DIRECTIONS ->
Transcribe the records that follow. Keep every word exactly, and drop the pictures.

-- Opening Marker --

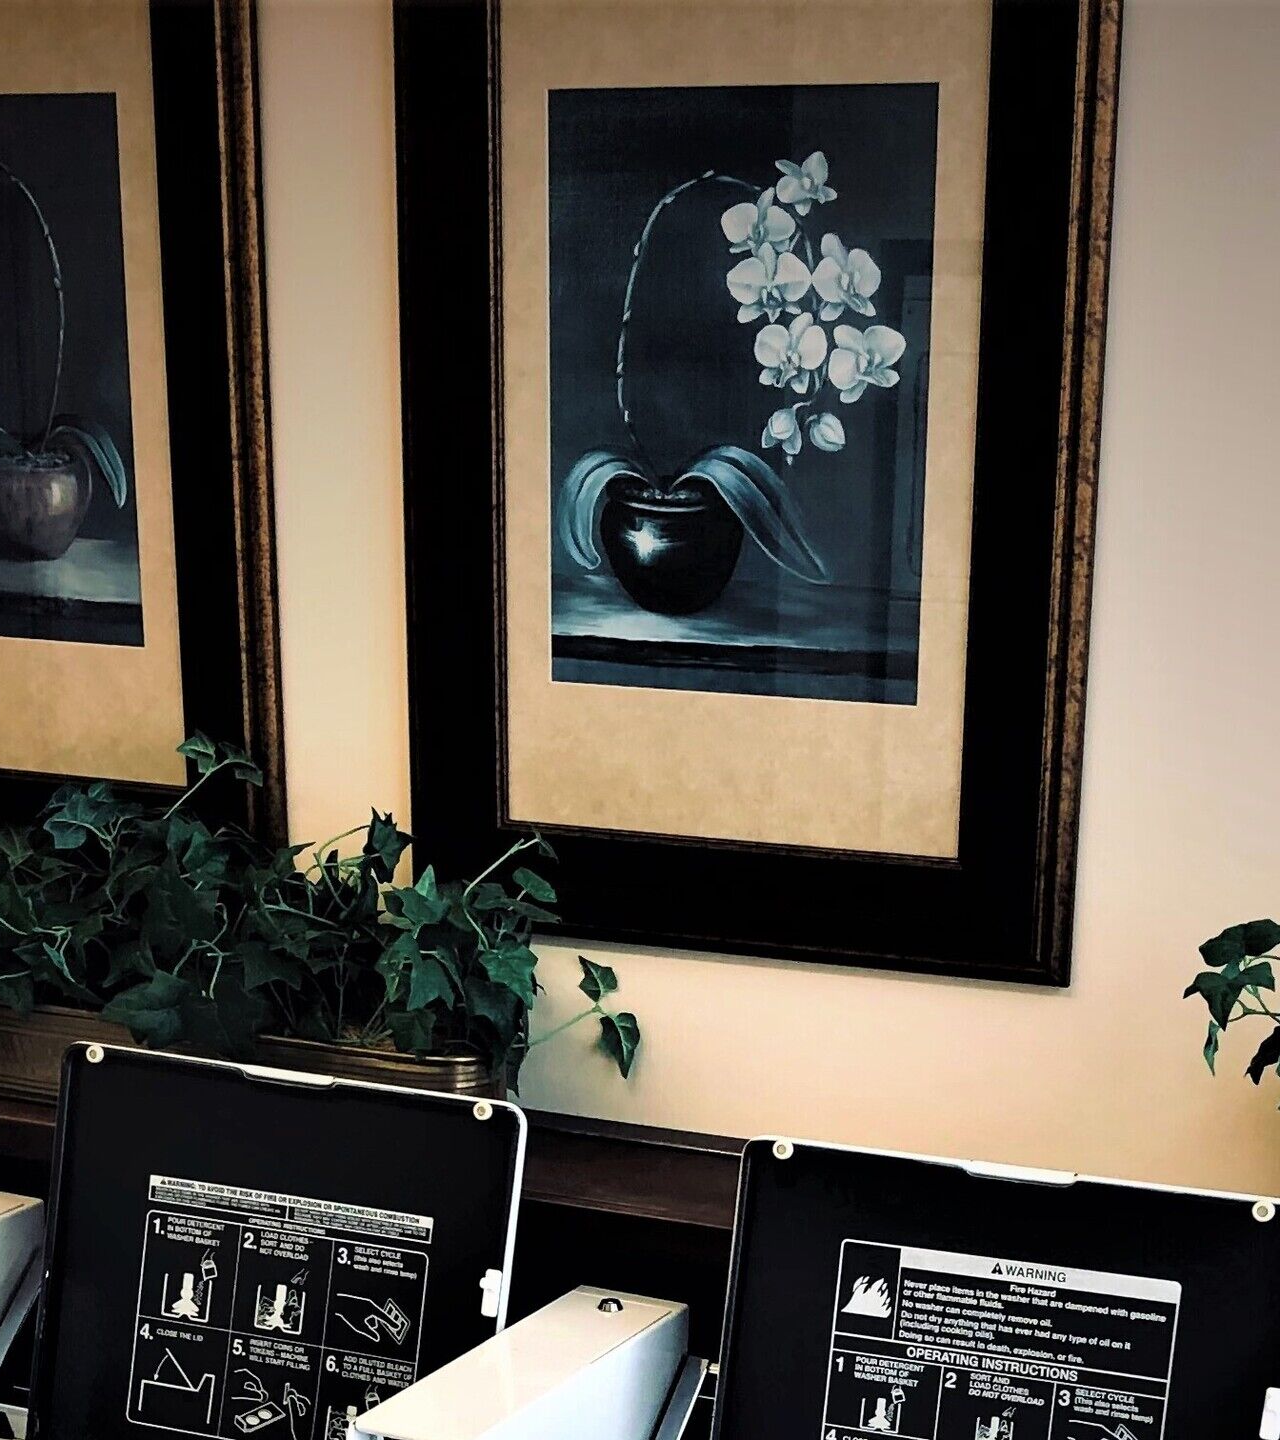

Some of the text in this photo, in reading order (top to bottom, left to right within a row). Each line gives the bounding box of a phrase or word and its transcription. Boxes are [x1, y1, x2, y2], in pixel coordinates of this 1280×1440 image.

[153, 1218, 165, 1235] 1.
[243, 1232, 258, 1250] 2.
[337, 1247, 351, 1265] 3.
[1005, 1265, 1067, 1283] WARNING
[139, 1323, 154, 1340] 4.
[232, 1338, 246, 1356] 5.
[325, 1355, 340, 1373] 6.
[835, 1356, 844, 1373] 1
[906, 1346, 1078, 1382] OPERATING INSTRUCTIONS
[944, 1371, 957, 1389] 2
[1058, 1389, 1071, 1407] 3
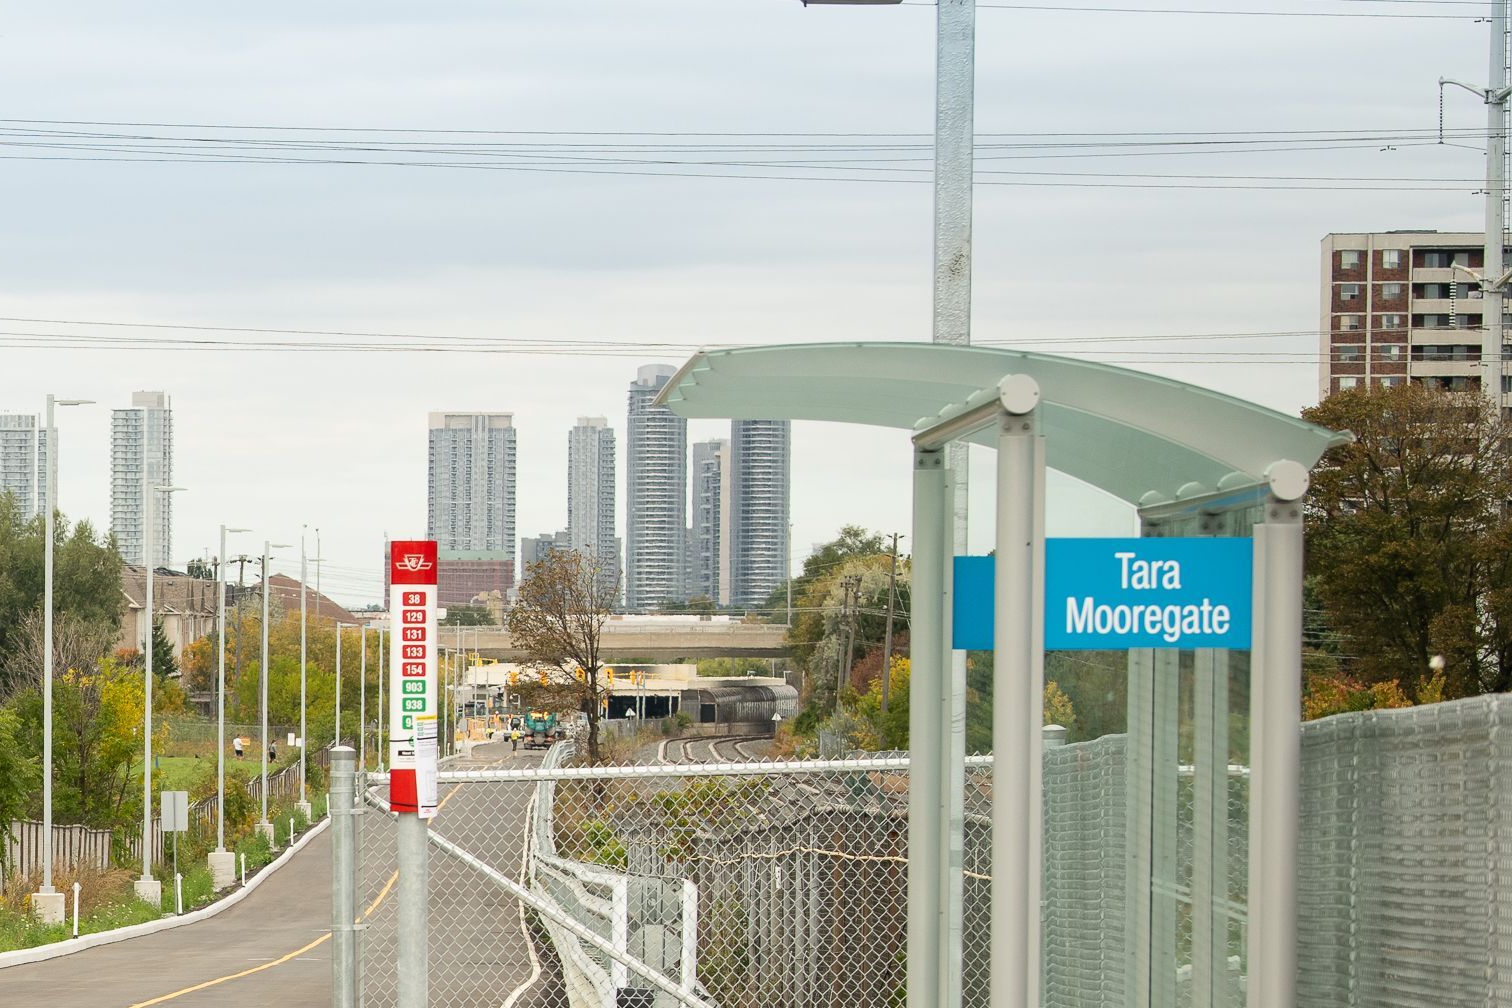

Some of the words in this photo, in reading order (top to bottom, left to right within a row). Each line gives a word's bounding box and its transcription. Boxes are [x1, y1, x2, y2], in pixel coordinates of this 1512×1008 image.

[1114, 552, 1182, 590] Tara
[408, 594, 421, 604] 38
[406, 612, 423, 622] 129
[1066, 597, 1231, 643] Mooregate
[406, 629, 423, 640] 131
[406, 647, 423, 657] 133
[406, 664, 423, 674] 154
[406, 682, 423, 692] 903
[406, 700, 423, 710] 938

-- Closing Marker --

SOLUTION BELOW ->
Some of the text in this photo, in reading order (top to bottom, left to right within a row). Each line gives the bounding box of a phrase or word and its transcription. Boxes are [x1, y1, x2, y2], in pixel coordinates of this 1280×1440 image.

[153, 1218, 165, 1235] 1.
[243, 1232, 258, 1250] 2.
[337, 1247, 351, 1265] 3.
[1005, 1265, 1067, 1283] WARNING
[139, 1323, 154, 1340] 4.
[232, 1338, 246, 1356] 5.
[325, 1355, 340, 1373] 6.
[835, 1356, 844, 1373] 1
[906, 1346, 1078, 1382] OPERATING INSTRUCTIONS
[944, 1371, 957, 1389] 2
[1058, 1389, 1071, 1407] 3

Some of the words in this photo, in reading order (top to bottom, left to right within a row). Each line gives a word's bounding box and its transcription. Boxes are [x1, y1, x2, y2], in pixel coordinates of this 1512×1008 image.

[1114, 552, 1182, 590] Tara
[408, 594, 421, 604] 38
[406, 612, 423, 622] 129
[1066, 597, 1231, 643] Mooregate
[406, 629, 423, 640] 131
[406, 647, 423, 657] 133
[406, 664, 423, 674] 154
[406, 682, 423, 692] 903
[406, 700, 423, 710] 938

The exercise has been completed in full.